Christopher Nolan's baroque opus is a worthy trilogy closer, both seriously epic and epically serious.
As the dust settles on another manic day in Gotham, a statue is unveiled outside City Hall. It is both a symbol of deep gratitude and a statement of defiance that says whatever the fate of its winged guardian – come siege or storm – Gotham will endure.
There's another layer of meaning here, a humble acknowledgement that Batman is bigger than any one filmmaker, that no man can wear the cape forever. It might be Christian Bale's unmistakable jawline set in bronze, but the mould will soon be recast. For better or worse, the dark knight will rise again.

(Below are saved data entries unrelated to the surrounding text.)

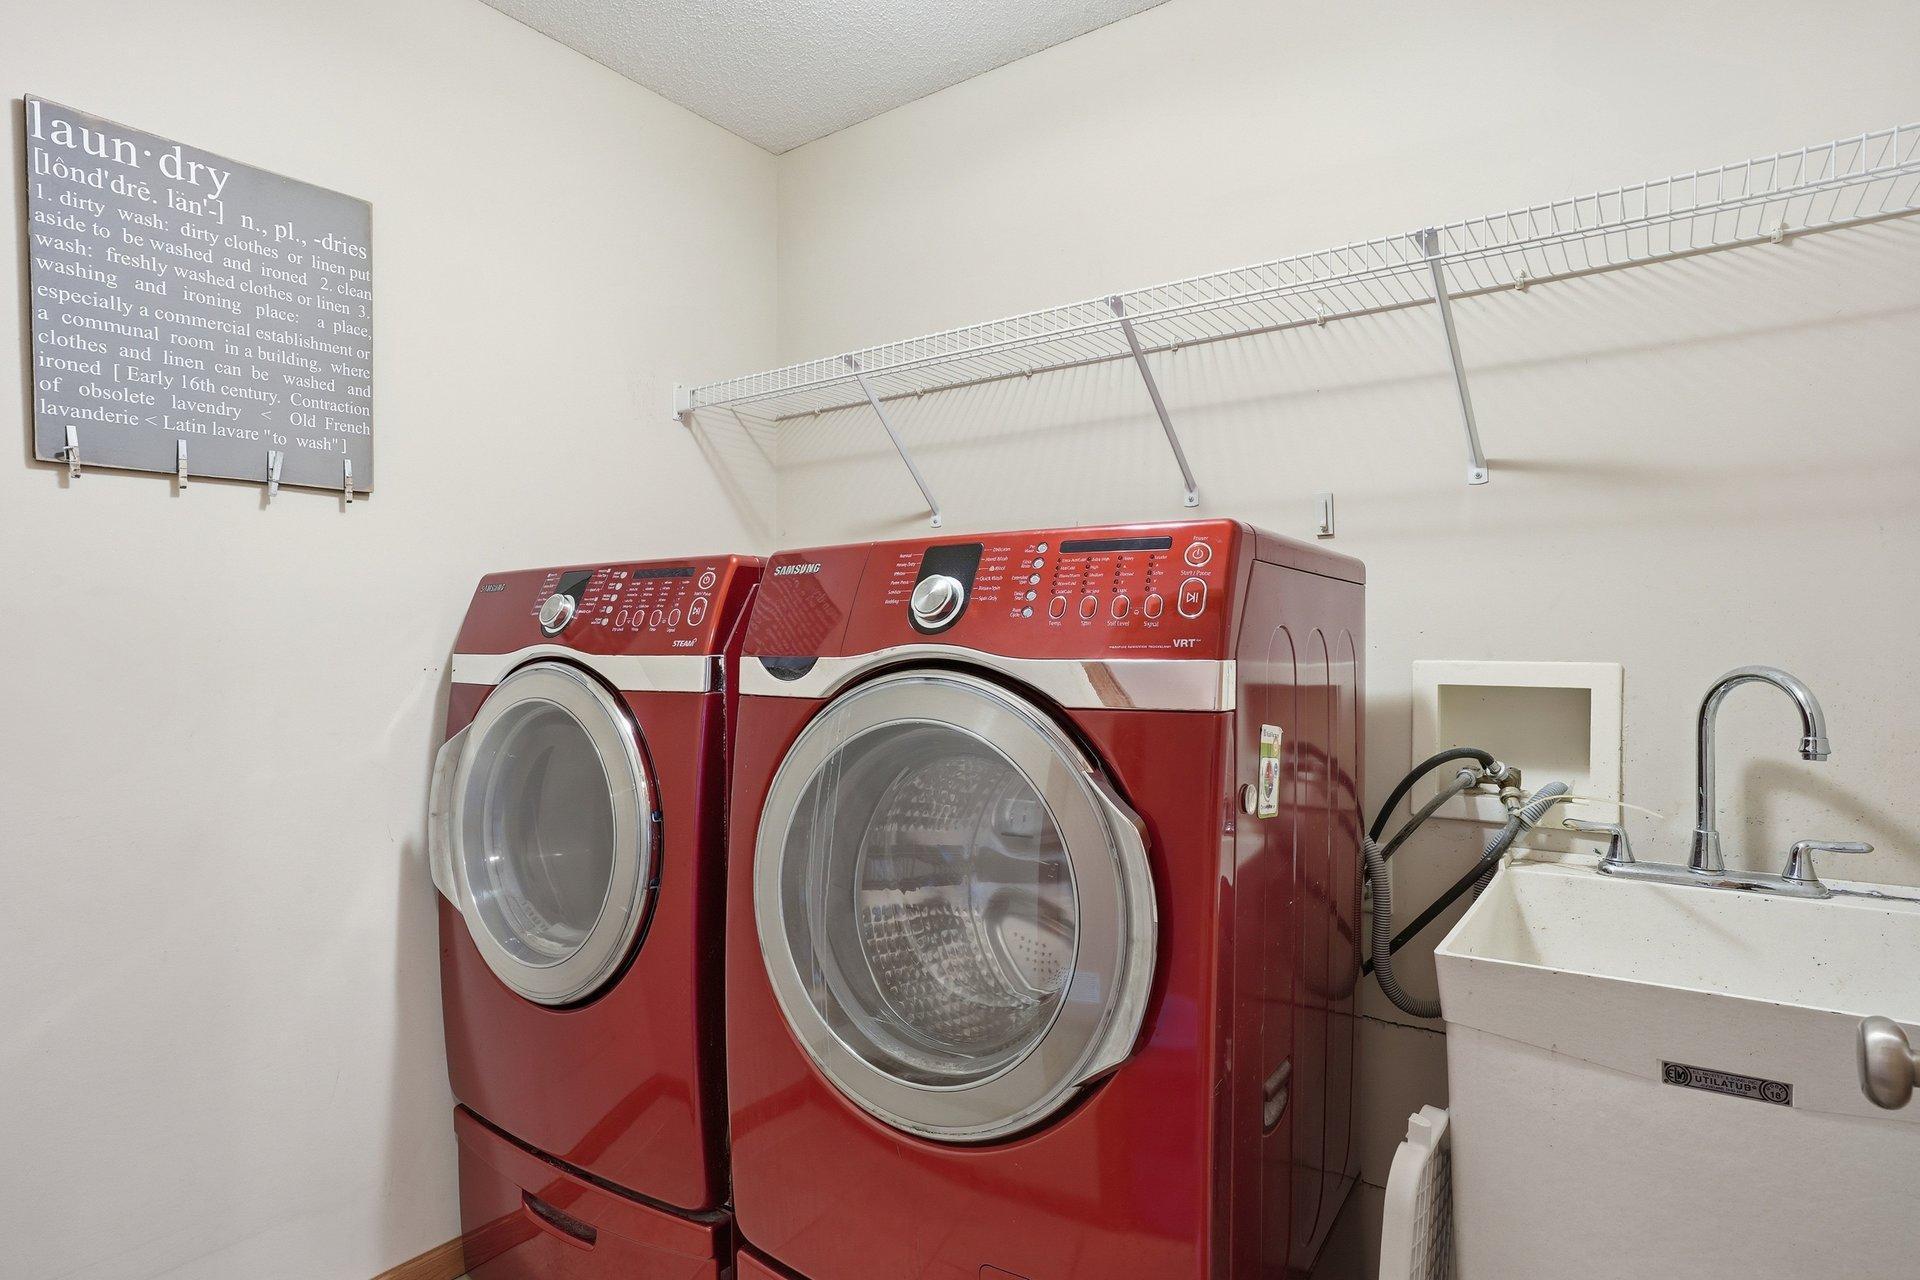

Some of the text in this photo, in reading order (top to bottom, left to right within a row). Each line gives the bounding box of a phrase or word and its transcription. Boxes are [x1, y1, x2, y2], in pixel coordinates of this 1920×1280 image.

[34, 208, 373, 301] aside to be washed and ironed 2. clean
[36, 184, 371, 283] 1. dirty wash: dirty clothes or linen put
[241, 213, 267, 238] n.,
[274, 221, 306, 248] pl.,
[314, 232, 368, 261] -dries
[34, 233, 370, 320] wash: freshly washed clothes or linen 3.
[36, 257, 372, 341] washing and ironing place: a place,
[37, 307, 371, 379] a communal room in a building, where
[38, 285, 370, 361] especially a commercial establishment or
[39, 330, 371, 398] clothes and linen can be washed and
[39, 351, 102, 376] ironed
[126, 366, 174, 389] Early
[181, 374, 215, 395] 16th
[221, 384, 280, 405] century.
[290, 392, 371, 417] Contraction
[39, 376, 62, 393] of
[79, 383, 156, 407] obsolete
[172, 395, 242, 421] lavendry
[289, 411, 317, 428] Old
[325, 416, 371, 436] French
[41, 398, 139, 426] lavanderie
[163, 414, 207, 436] Latin
[213, 421, 260, 442] lavare
[774, 563, 821, 576] SAMSUNG
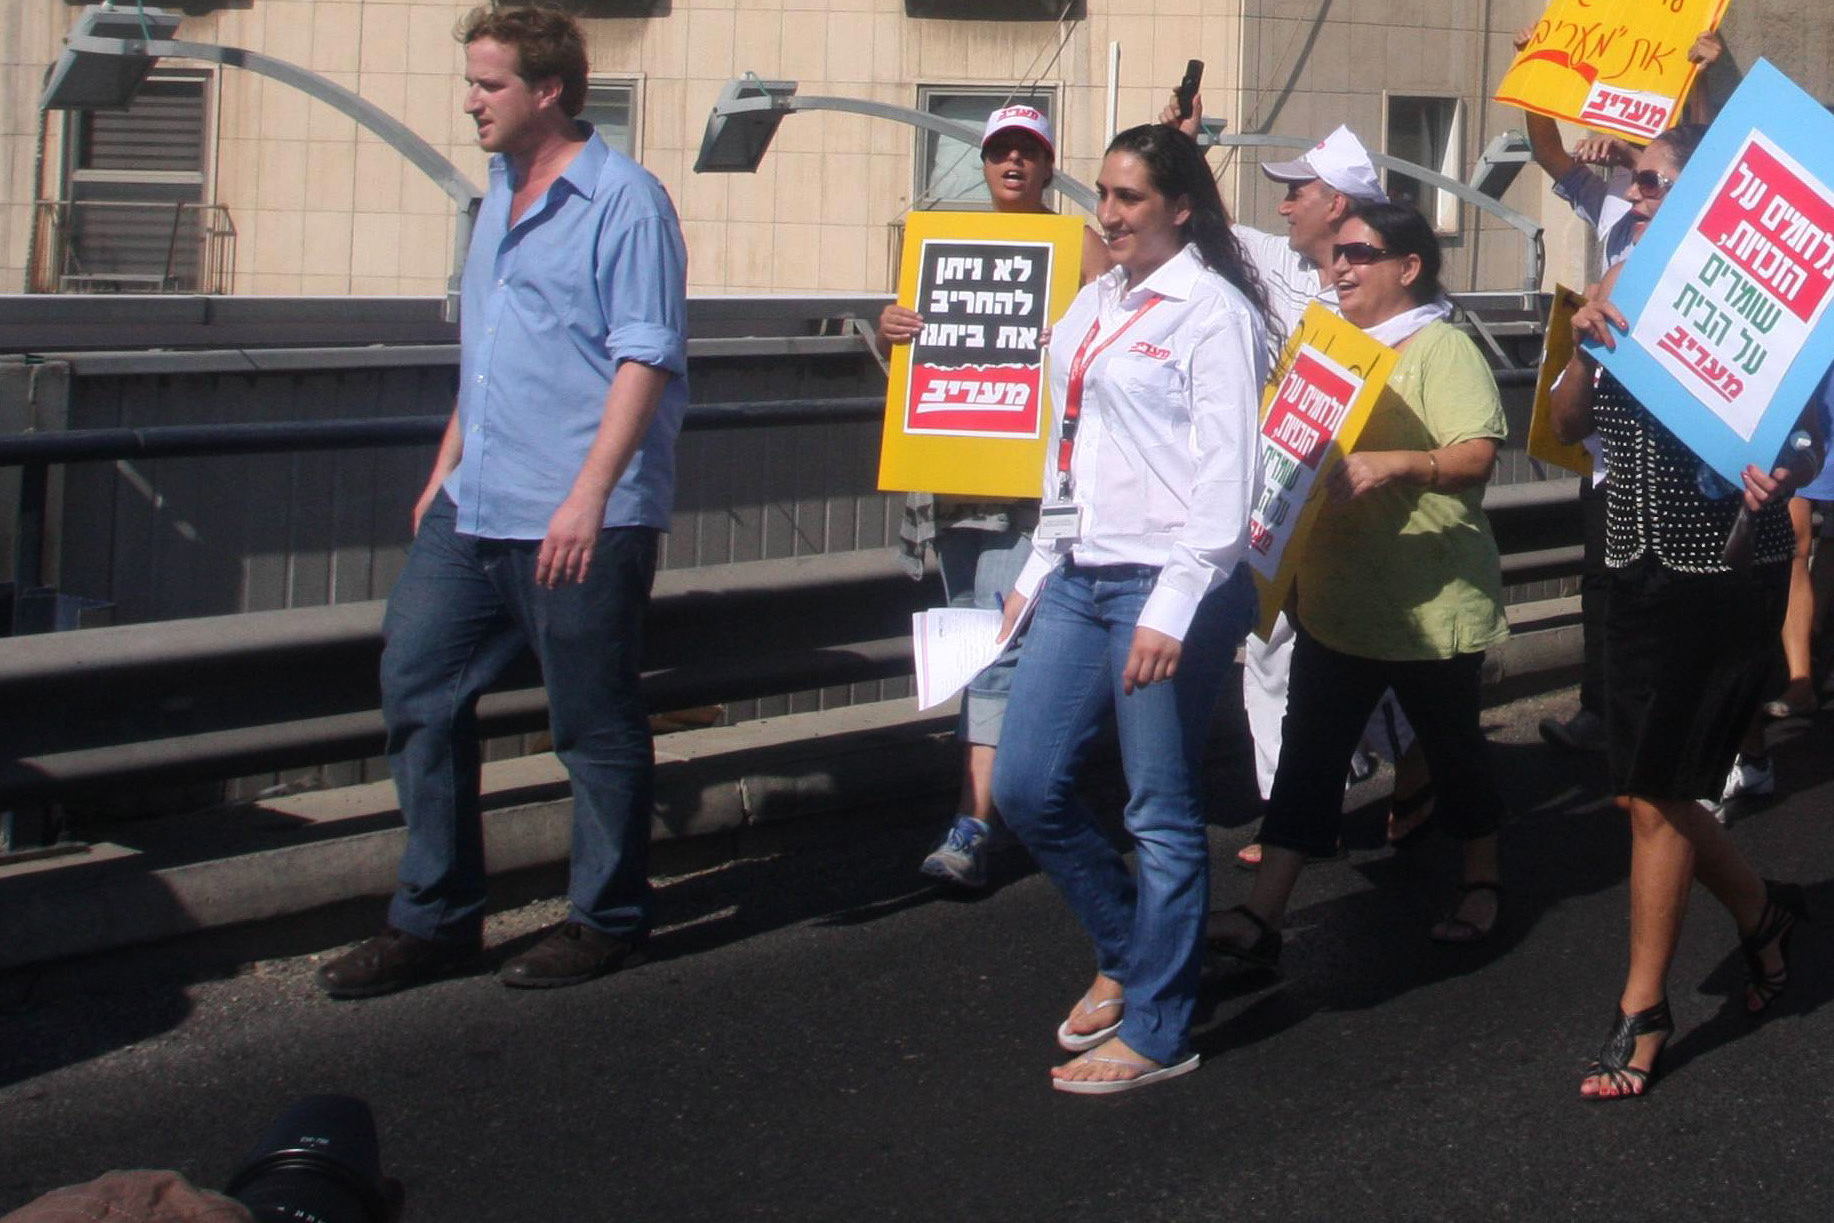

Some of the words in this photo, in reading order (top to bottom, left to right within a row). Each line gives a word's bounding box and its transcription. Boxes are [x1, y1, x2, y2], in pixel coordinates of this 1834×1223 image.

[1600, 38, 1677, 80] את
[1587, 89, 1668, 127] מעריב
[1729, 162, 1768, 211] על
[935, 257, 983, 285] ניתן
[993, 255, 1033, 283] לא
[1716, 219, 1808, 301] הזכויות,
[930, 289, 1034, 315] להחריב
[1698, 252, 1783, 335] שומרים
[1672, 282, 1733, 346] הבית
[919, 323, 985, 348] ביתנו
[996, 325, 1038, 350] את
[1732, 327, 1767, 376] על
[1663, 325, 1745, 400] מעריב
[920, 379, 1031, 406] מעריב
[1283, 369, 1301, 405] על
[1298, 380, 1345, 432] נלחמים
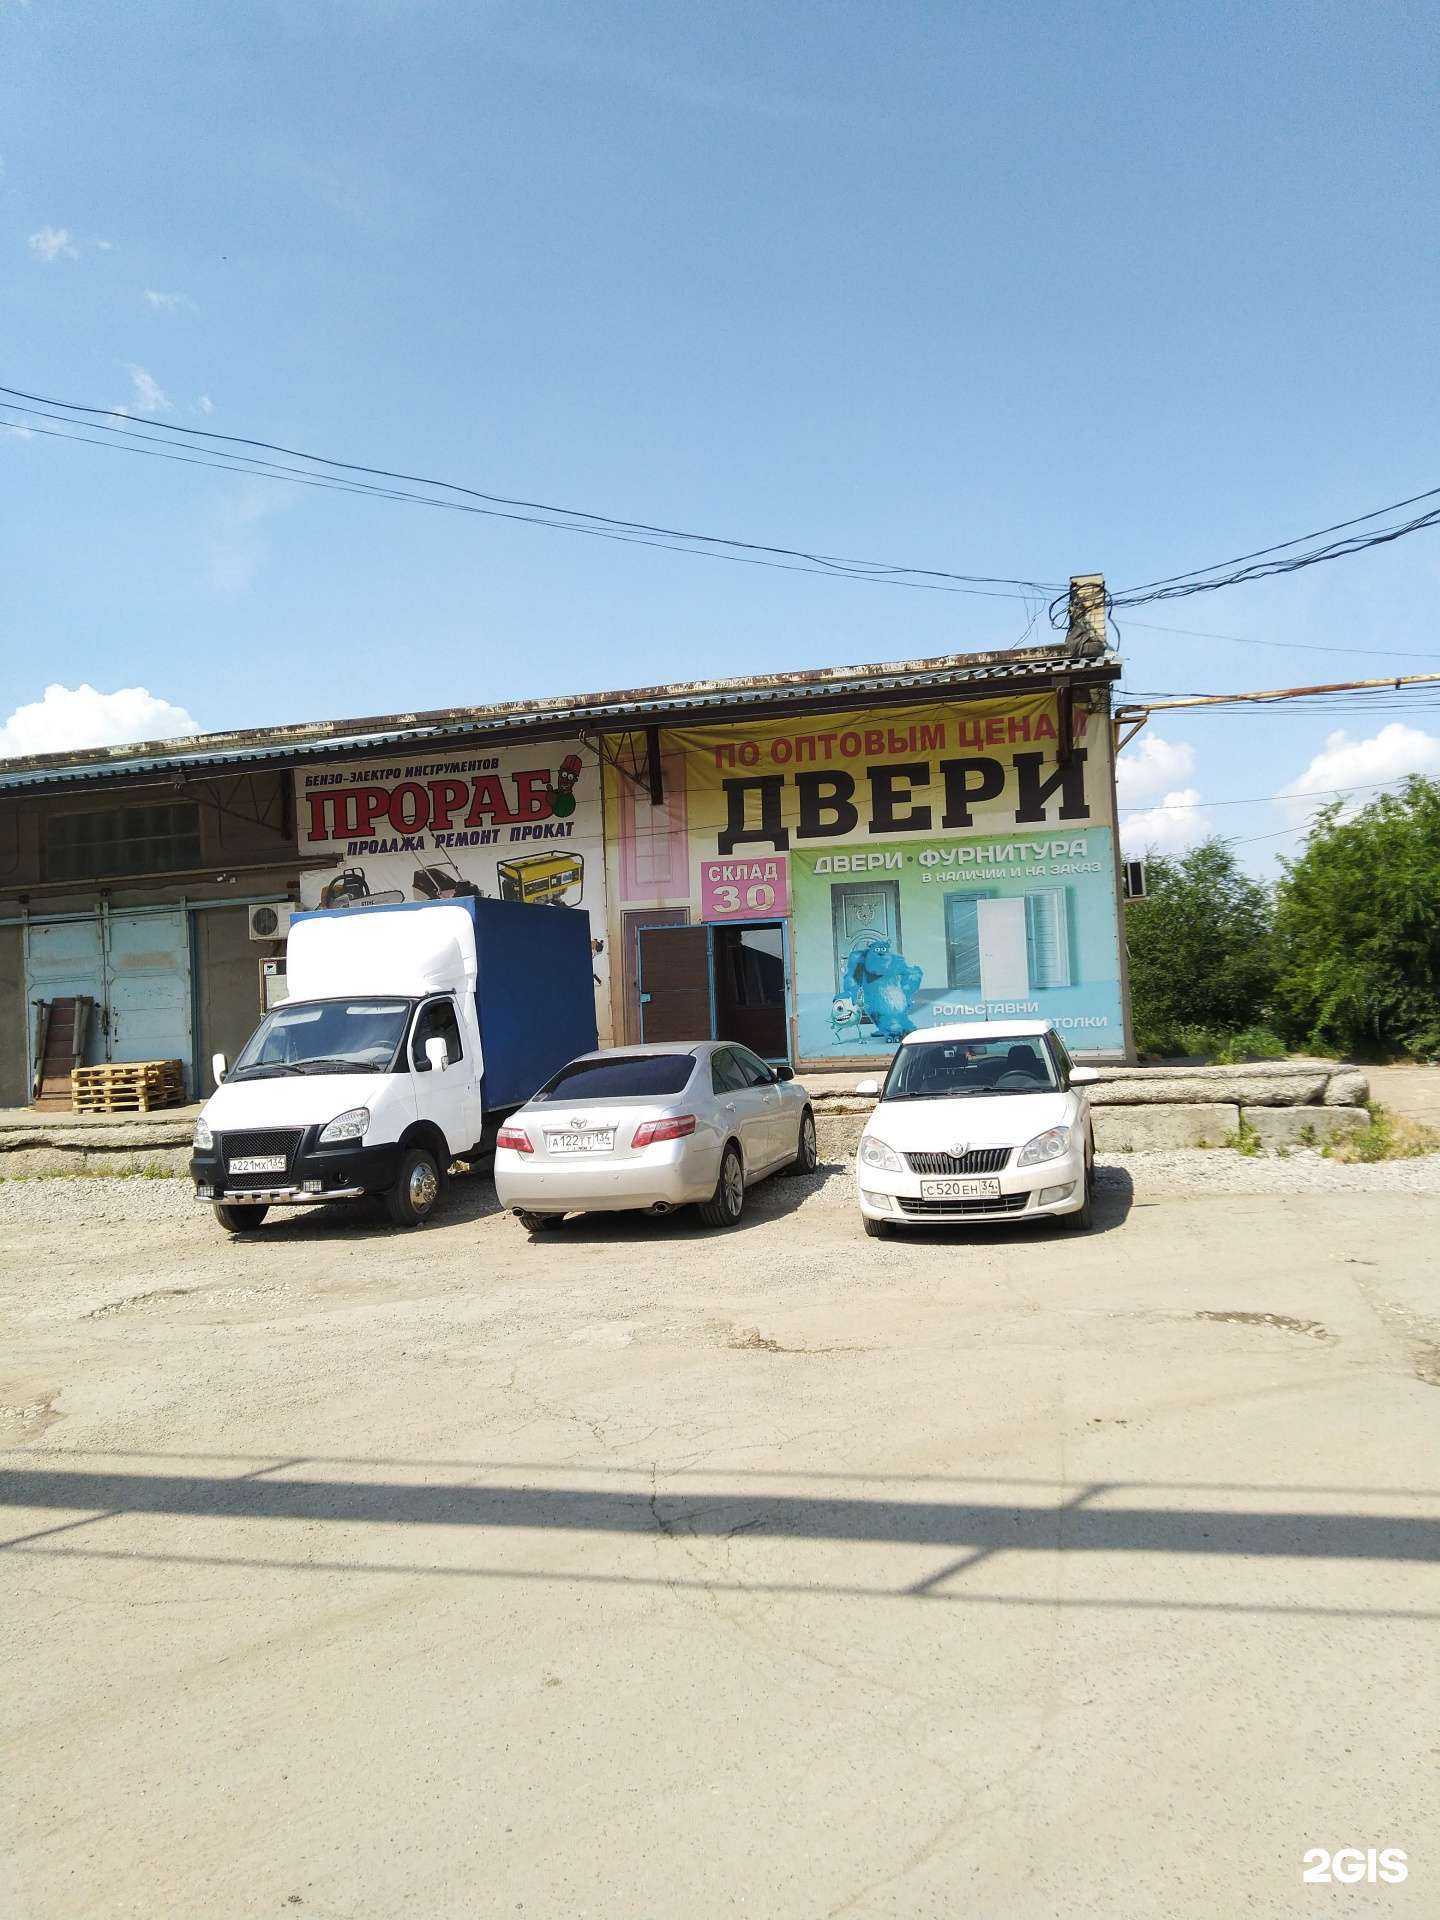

And yet Christopher Nolan's vision – his hero – has surely been immortalised over the course of this outstanding trilogy. Not for any technical milestones the director has hurdled or because he has made a Batman saga for the ages, but precisely because The Dark Knight Rises is so inextricably rooted in the here and now.
Just as Frank Miller's graphic novel template offered a response to the capitalist hedonism of the late '80s, so Nolan's film addresses contemporary sociopolitical concerns – domestic and international terrorism, economic collapse, the decline of family values, the dissolution of community. A twentieth-century idol repurposed to soothe twenty-first-century ills.
Eight years after the events of The Dark Knight, eight years since Harvey Dent's death ushered in a new era of civil harmony, freedom from organised crime, Gotham is waking up to a new threat. Bane (Tom Hardy) is the city's self-proclaimed reckoning, a menacing, merciless terrorist hellbent on reducing its inherently corrupt citizens (as he sees them) to ashes.
Superficially, Bane's prolapsed facehugger grill and whackjob accent make him a textbook comic book baddie. Crucially, however, his powers (like Batman's) are the result of circumstance, not some misc radioactive blunder or ungodly genetic buggery. He's also endowed with the brains to match his imposing bulk. Make no mistake, though, these newfound nemeses aren't about to settle down for a game of chess. Theirs is a straightforward heavyweight slog, a good honest cheek-bruiser that is stimulating and fatiguing to watch in equal measure.
Batman's greatest battles, of course, have always been with himself. Once a pillar of the society he has sworn himself to protect, Bruce Wayne has become a scruffy, self-pitying recluse, his restless psychosis compounded by the loss of the love of his life, Rachel Dawes. True to the character, he is again painted by Nolan as a deeply flawed protagonist, the tragic victim of his own vigilantism. A monster shrouded in myth and intrigue more typical of his exiled alter ego.
Never has the existential crisis of putting on the mask been examined so intimately. To that end it is Bale – so often overlooked throughout this series – who delivers the standout performance, undoubtedly his finest in the role. Together he and Nolan break Bruce Wayne down, body and soul, slowly, agonisingly, until both man and moniker are ready to be resculpted into something harder, something more robust and resilient than before. In the process our hero is left open to the minxy allure of Anne Hathaway's Selina Kyle, a duplicitous presence whose seductive feminist purr is pacified in disappointingly conventional fashion.
Humanising a silver-spooned billionaire like Bruce Wayne has never felt so pertinent, not least because of the stigma that has become attached to the One Percent in the intervening years since TDK. And yet here is a film without a true emotional hook. An immaculately crafted, fatally clinical last hurrah that's dotted with dazzling exclamation marks, signed off with a mischievous ellipsis and underlined in cold-blooded ceremony.
Nolan's endlessly inventive use of in-camera pyrotechnics, coupled with Hans Zimmer's relentless percussive score, mean that, even at a rump-numbing 164 minutes, TDKR is nothing less than an awesome sensory feast. Not a dime of its estimated $250m budget has gone to waste. There's not a stodgy frame in sight. Neither a single spoken word nor spray of debris out of place. At once seriously epic and epically serious, this is blockbuster filmmaking of the highest order, and nothing more than that.
Can Bale and Nolan bow out with a bang?
A spectacular, towering feat of endurance cinema.
Despite its shortcomings, Nolan's series puts all other comic book franchises in the shade.